Human functional imaging studies focusing on the encoding of reward value signals relevant for action selection implicate the medial OFC extending dorsally along the medial PFC. These regions represent action–outcome associations (Daw et al. 2006) separate from stimulus-related value signals (Valentin et al. 2007). The caudate is also implicated in the online computation of action–outcome contingency to guide goal-directed learning (Tanaka et al. 2008; Liljeholm et al. 2011). Using the two-step task, both outcome prediction error (the difference between received and expected outcomes used in model-free learning) and state prediction error (the discrepancy between the observed and expected state transition used in model-based learning) converge on the ventral striatum (Daw et al. 2011). Greater model-based learning is associated with greater medial OFC and caudate volumes (Voon et al. 2015b).

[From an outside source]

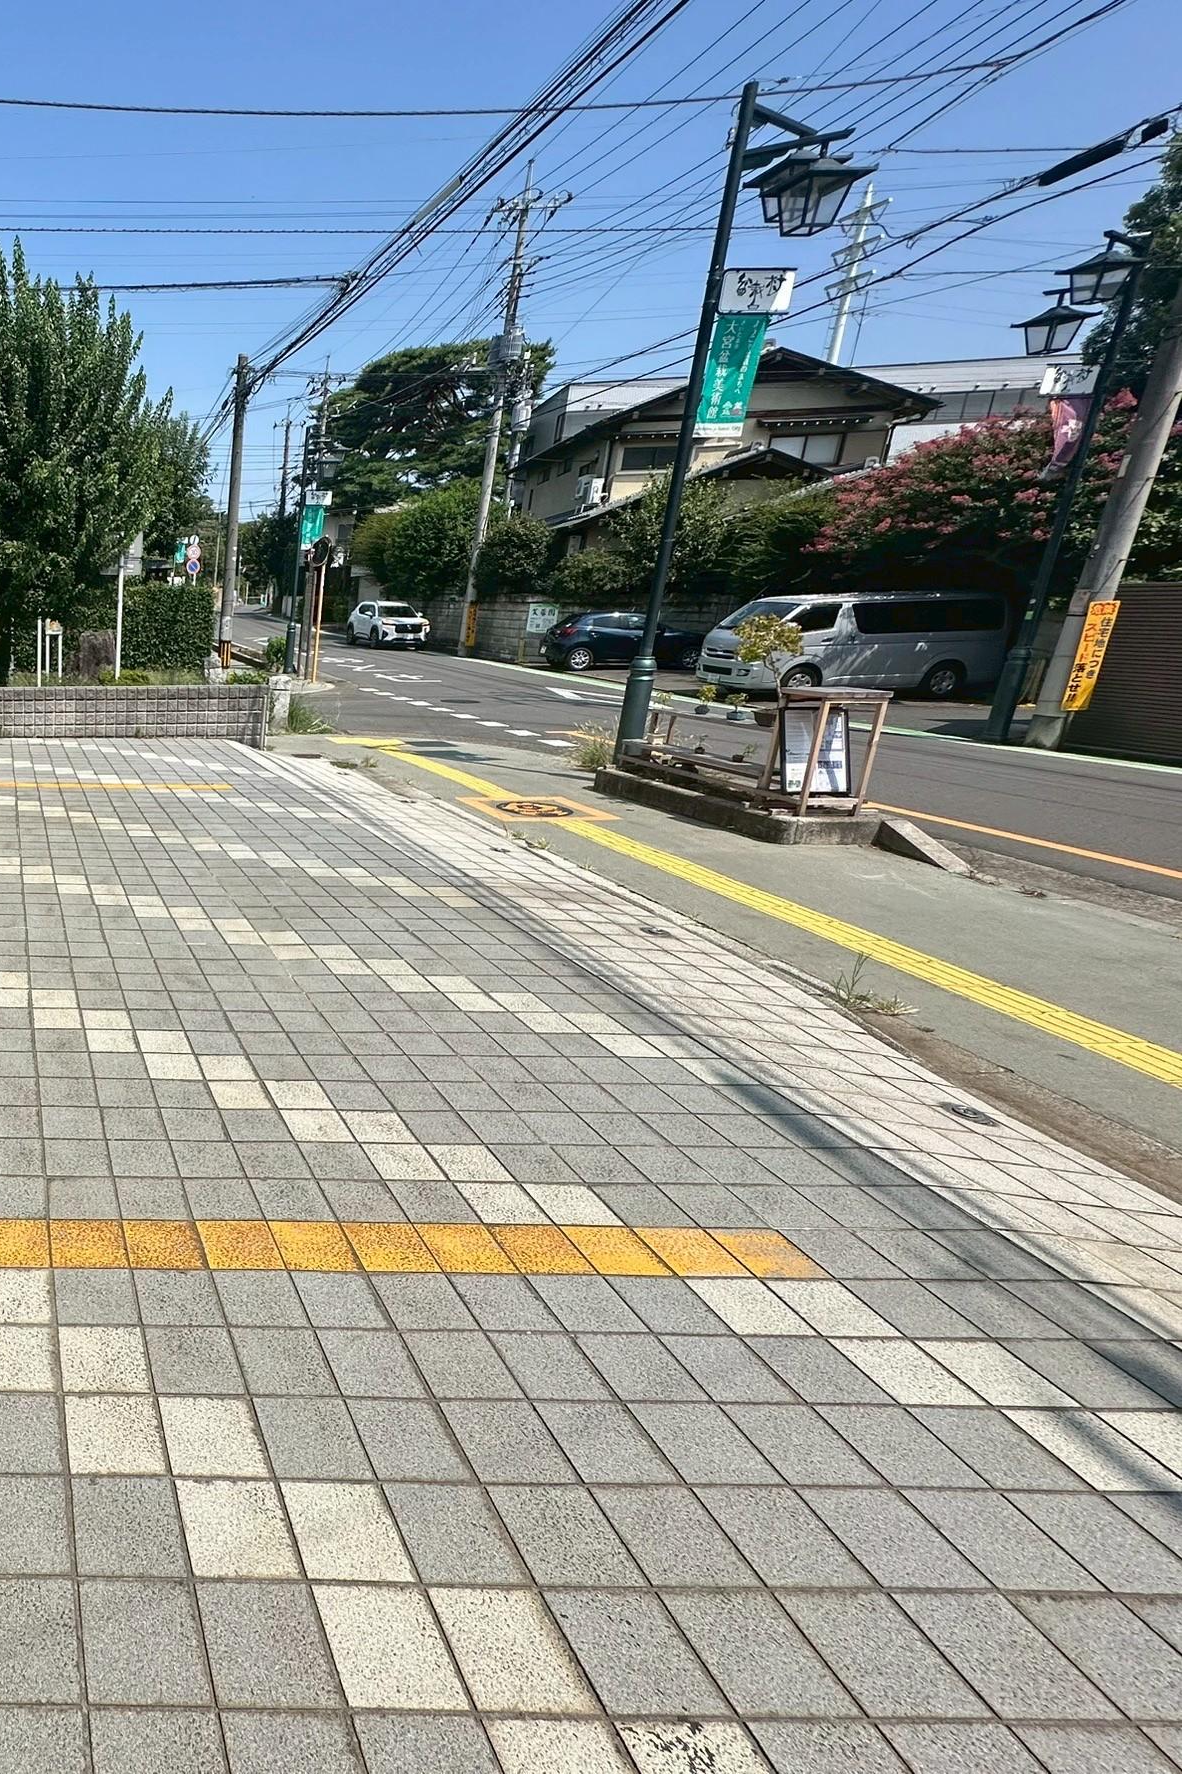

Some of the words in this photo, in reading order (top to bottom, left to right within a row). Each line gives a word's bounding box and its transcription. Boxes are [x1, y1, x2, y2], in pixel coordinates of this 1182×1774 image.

[706, 320, 738, 420] 大宮盆栽美術館
[1086, 617, 1113, 679] 住宅地につき
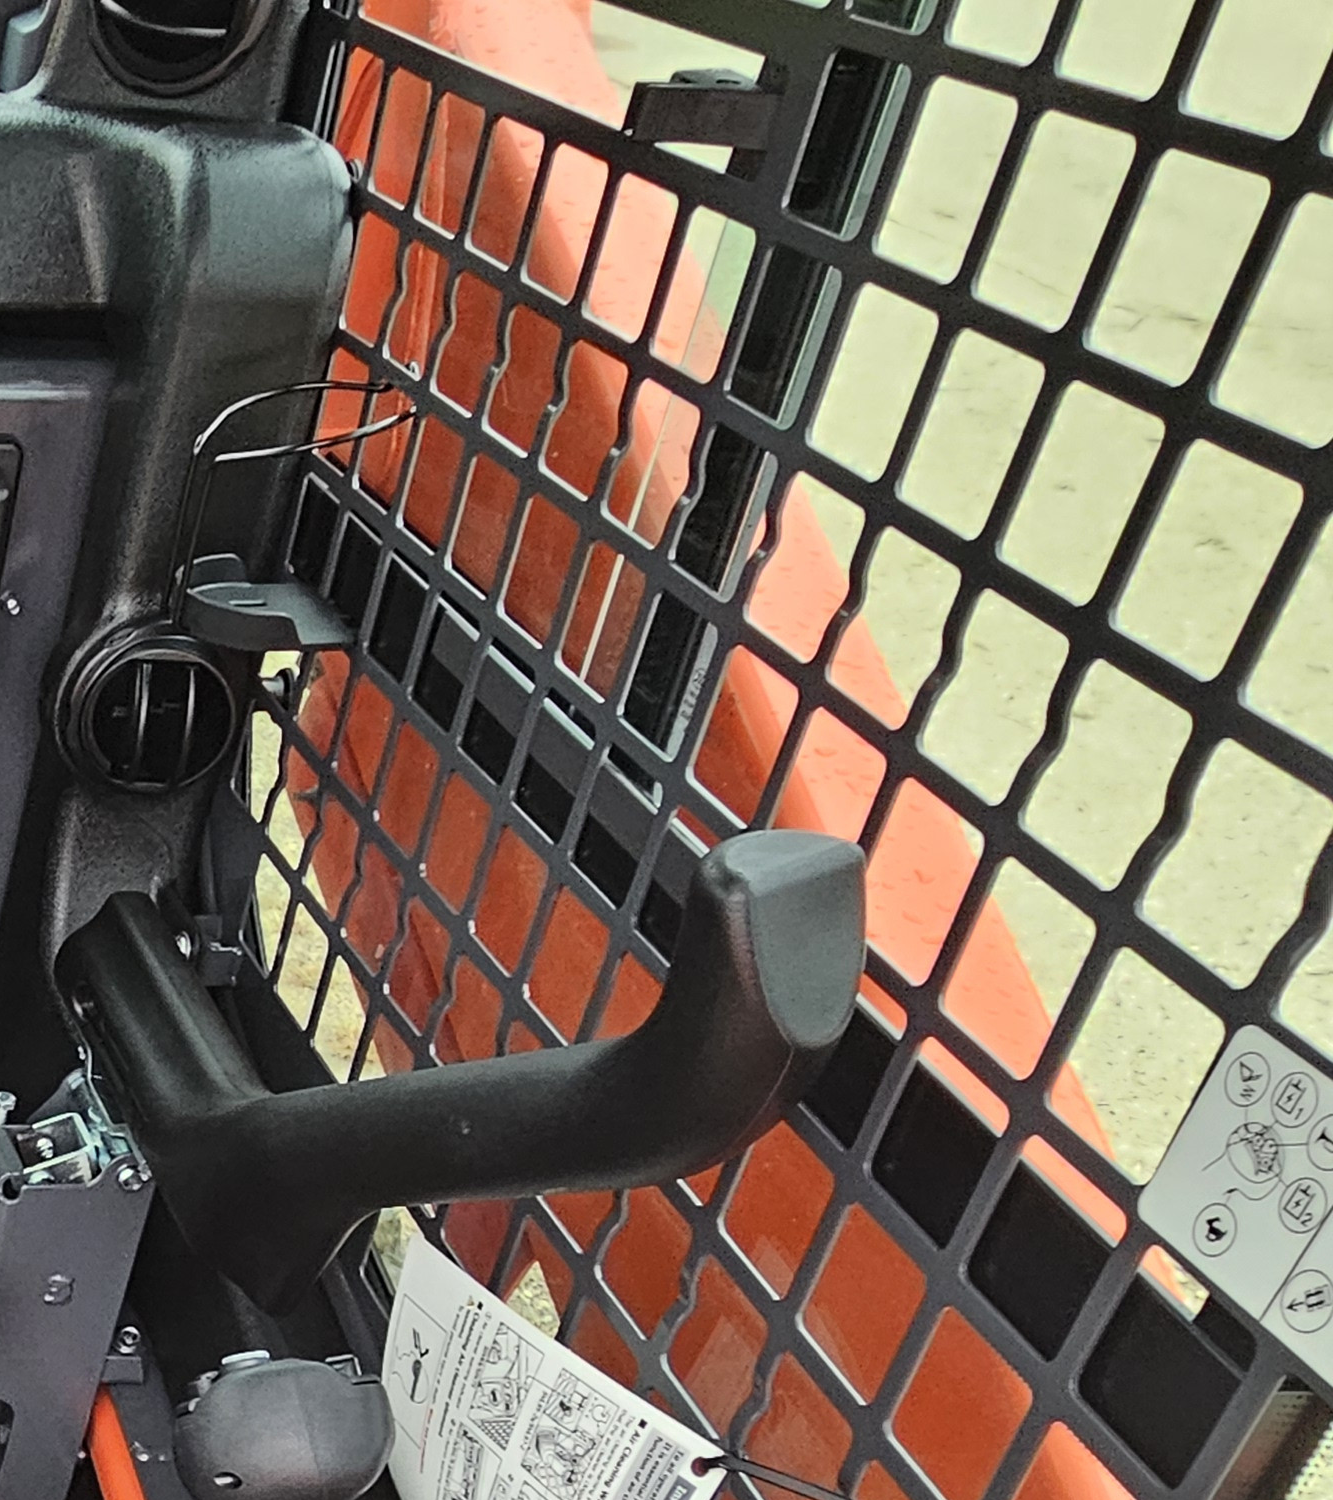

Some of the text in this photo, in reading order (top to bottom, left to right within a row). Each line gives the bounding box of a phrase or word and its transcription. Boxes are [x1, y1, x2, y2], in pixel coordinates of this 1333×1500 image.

State-dependent prediction error relevant to goal-directed behavior in the two-step task is also represented in the lPFC and intraparietal sulcus (Glascher et al. 2010). Transcranial magnetic stimulation to the right dlPFC impairs model-based but not model-free control; in contrast, the left dlPFC disrupts model-based choices dependent on working memory capacity (Smittenaar et al. 2013b). Model-based control can be impaired based on dual-task performance with a demanding task (Otto et al. 2013) and under conditions of stress.

A study in healthy volunteers using the three-step task, an update of the two-step task, showed that values associated goal-directed forward planning trials were associated with caudate activity, whereas habitual trials over-trained over 3 days were associated with posterior putamen activity irrespective of the final choice (Wunderlich et al. 2012). The ventromedial PFC increased connectivity with both caudate and putamen during choice and encoded the chosen value suggesting an active role as a value comparator.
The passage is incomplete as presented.